About the project
To address growing antibiotic resistance, brief interventions are needed to decrease unnecessary prescriptions by general practitioners (GPs). In an England-wide trial, 208 general practices received either usual care or one of two interventions:
- a commitment poster encouraging GPs to pledge prudent prescribing or
- the poster and an answerphone message (APM) directing patients with minor infections to a pharmacist.
Project aim
To investigate how the interventions were implemented in practice and how they were perceived by GPs.
What we did
In collaboration with the NIHR Health Protection Research Unit (HPRU) in Healthcare Associated Infections and Antimicrobial Resistance, we carried out a mixed-methods process evaluation that involved:
- 140 practices in the two intervention arms completing an online survey to capture experiences of implementing the interventions
- GPs from a purposive sample of practices being interviewed about their views of the interventions.
What we found and why that’s important
Interventions were mainly implemented by practice managers (73%) and were used throughout the trial period (poster: 98%, APM: 96%). Staff reported positive views of both interventions (poster: 75%; APM: 78%) and most believed the APM had a positive effect on prescribing (72%). However, only 46% of respondents believed that the posters had reduced antibiotic prescribing and around a quarter of survey respondents felt the interventions had not influenced their practice.
In interviews, all GPs reported that their practice had made recent efforts to reduce antibiotic prescribing and most believed their practice had average or below average prescribing rates. Most felt posters were aimed only at patients who could not engage with posters as they were in consultation rooms. Only two acknowledged the commitment aspect of the poster and most felt that the posters had not influenced their practice. Nearly all GPs felt the answerphone message was useful but some highlighted potential unintended consequences of the message, raising patient safety issues.
The results showed that interventions were widely rolled out in the participating GP practices. Despite this, engagement with the posters was low and GPs were not aware they were making a pledge to prescribe more prudently. Both interventions failed to influence prescribing rates and would need amendments and further testing to see whether they could be effective when implemented at scale, particularly at national level.
Next steps
Future research needs to establish whether making a pledge or commitment to a behaviour can change antibiotic prescribing, as this act was not explicit in the current study.
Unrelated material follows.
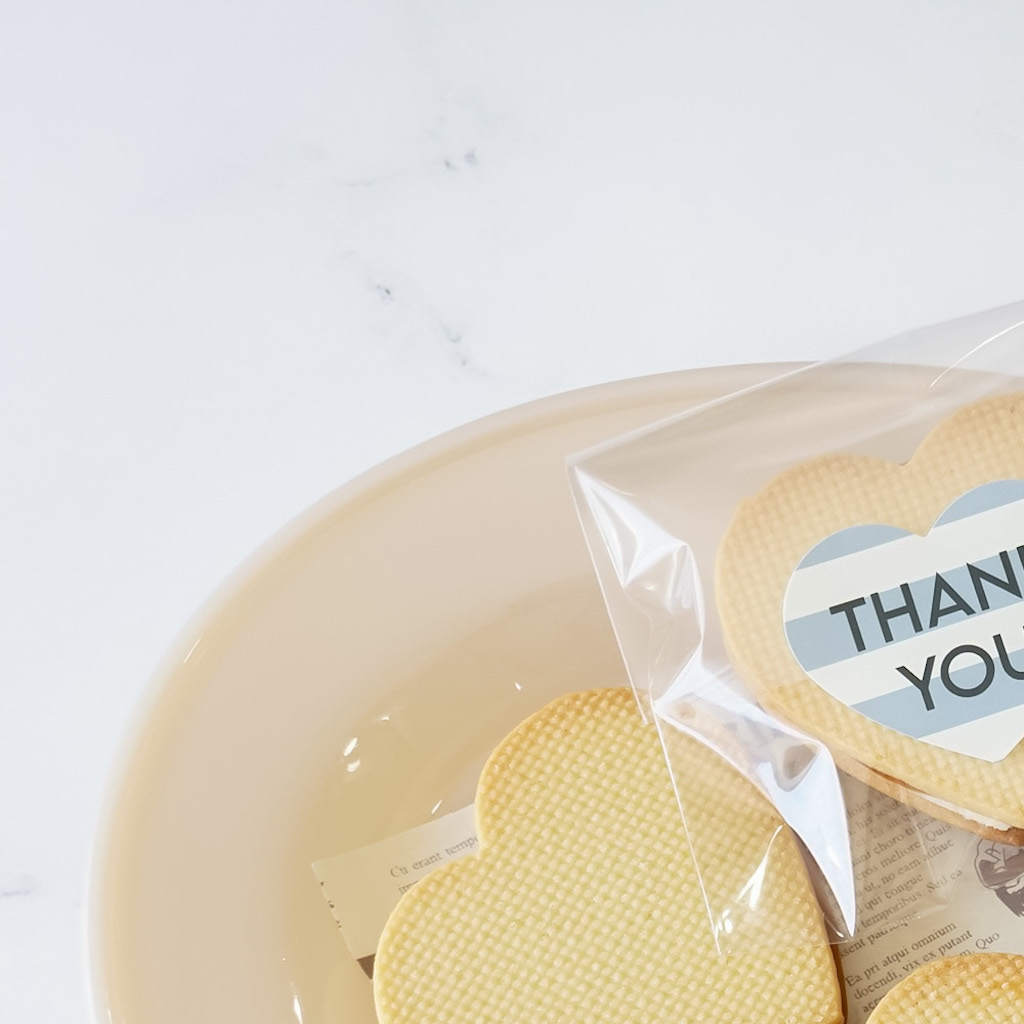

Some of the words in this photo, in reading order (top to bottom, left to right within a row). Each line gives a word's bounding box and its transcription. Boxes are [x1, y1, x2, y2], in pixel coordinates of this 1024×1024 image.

We need to further investigate how successful interventions trialled in one context can be translated to other contexts, particularly developing the intervention materials with input from the target population(s).
Funder
Public Health England's Behavioural Insights Team
Project dates
This process evaluation was carried out between August and November 2016 following the end of the trial testing the two interventions.
Publications
Tonkin-Crine S., Schneider, AN, Herd N et al. (2017). ‘Interventions to reduce antibiotic prescribing in general practice: a process evaluation of a randomised-controlled trial’. Symposium presentation at the 31st conference of the European Health Psychology Society, Padua, Italy.